The only way you can really mess it up is if you have only a real low stone or a real high stone and nothing else. I haven't tried it but I'll bet 400/10K would produce a good edge for kitchen knives. I know straights are a different story but for kitchen knives rough, medium, fine works great and you don't need 10 stones to produce screaming sharp edges.
Tue Jul 09, 2013 9:44 pm
I'm sure we've all been hung up on the "Too big of a jump" thing in our sharpening lives.
That said, I knew a chef here in Omaha that used to use a 220 Pink Brick and a Kitayama....that's it'.
He's sharpen with the 220, and strop a few times with the Kitayama.....he loved that edge. I hated it.
Wed Jul 10, 2013 1:29 am
i've seen people do jumps from a 400 to a 4k
from a 600 to a 5k/6k
really depends on the stone and what you're looking for
Wed Jul 10, 2013 3:18 am
The OP said "I will mostly be using this for straight razors and occasionally kitchen knives" in his post. Does that change anyone's recommendation in his chosen stone progression sequence?

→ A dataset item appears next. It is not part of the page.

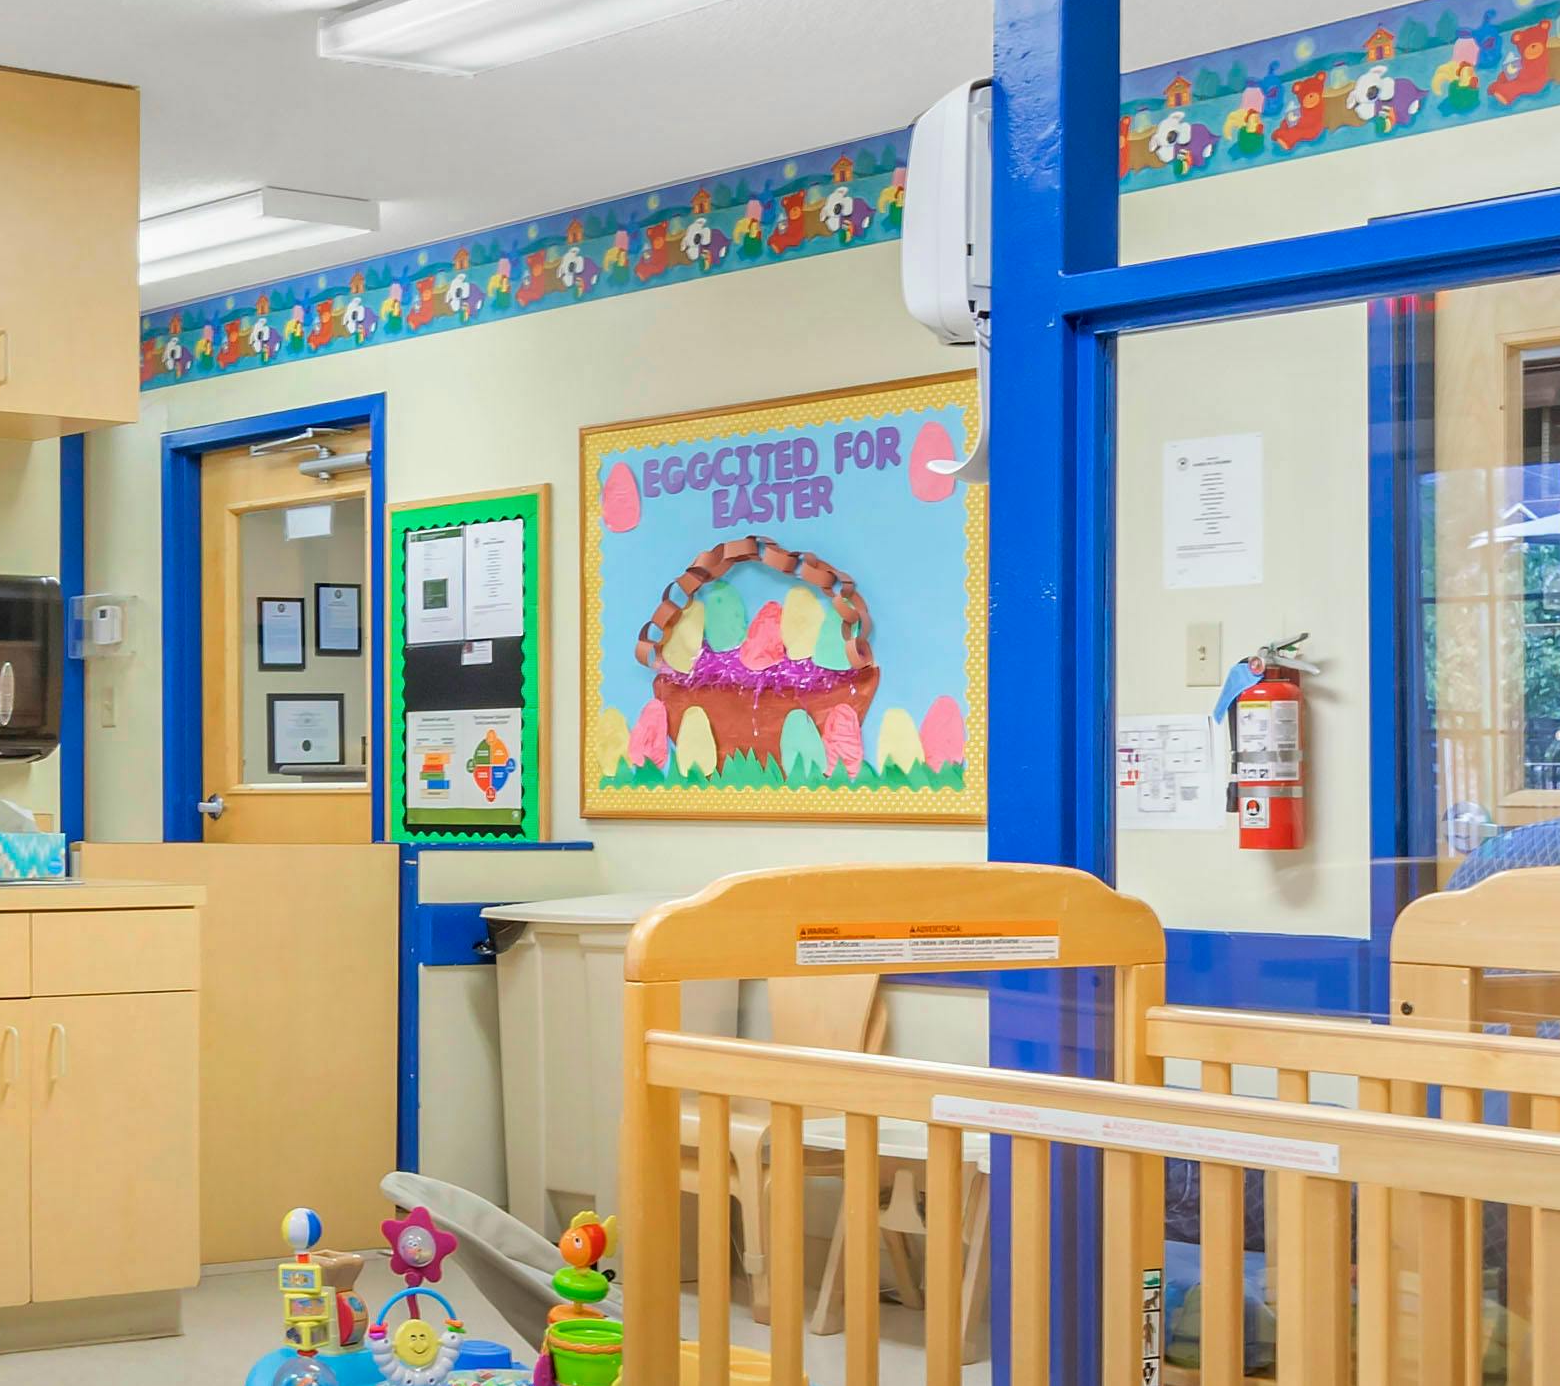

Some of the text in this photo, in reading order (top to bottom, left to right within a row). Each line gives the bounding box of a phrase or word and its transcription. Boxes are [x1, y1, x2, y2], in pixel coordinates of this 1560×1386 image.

[642, 426, 901, 498] EGGCITED FOR
[712, 476, 834, 529] EASTER

Everyone is talking about larger jumps being OK in many cases, but is that proper for straight razors? I don't sharpen razors, so I don't know the answer to this.
Wed Jul 10, 2013 6:28 am
Why the odd ball mix of the chosera 600?
It's a nice stone but not one I would want as my only coarse stone, it is only 600 grit, not really that coarse.
If this is mostly for razors I would be picking a different line-up.
To start I would likely go with the shapton pro 220, 1k, and 5k. This would be a good progression for knives and provide some starting points for razor honing.
To complete the razor honing you can move in one of two directions, more synthetics or natural stones. For synthetics I would recommend the 10k Imanishi stone, really awesome 10k and at a good price. For naturals I can't give too many opinions, I just got a Ozuku Asagi and have only used it on about a dozen razors. It has worked well but with less than a weeks use its hard to say. It could probably be used right after the 5k if a slurry was started first, cuts very fast that way and finishes very fine. Nearly shave ready off the stone.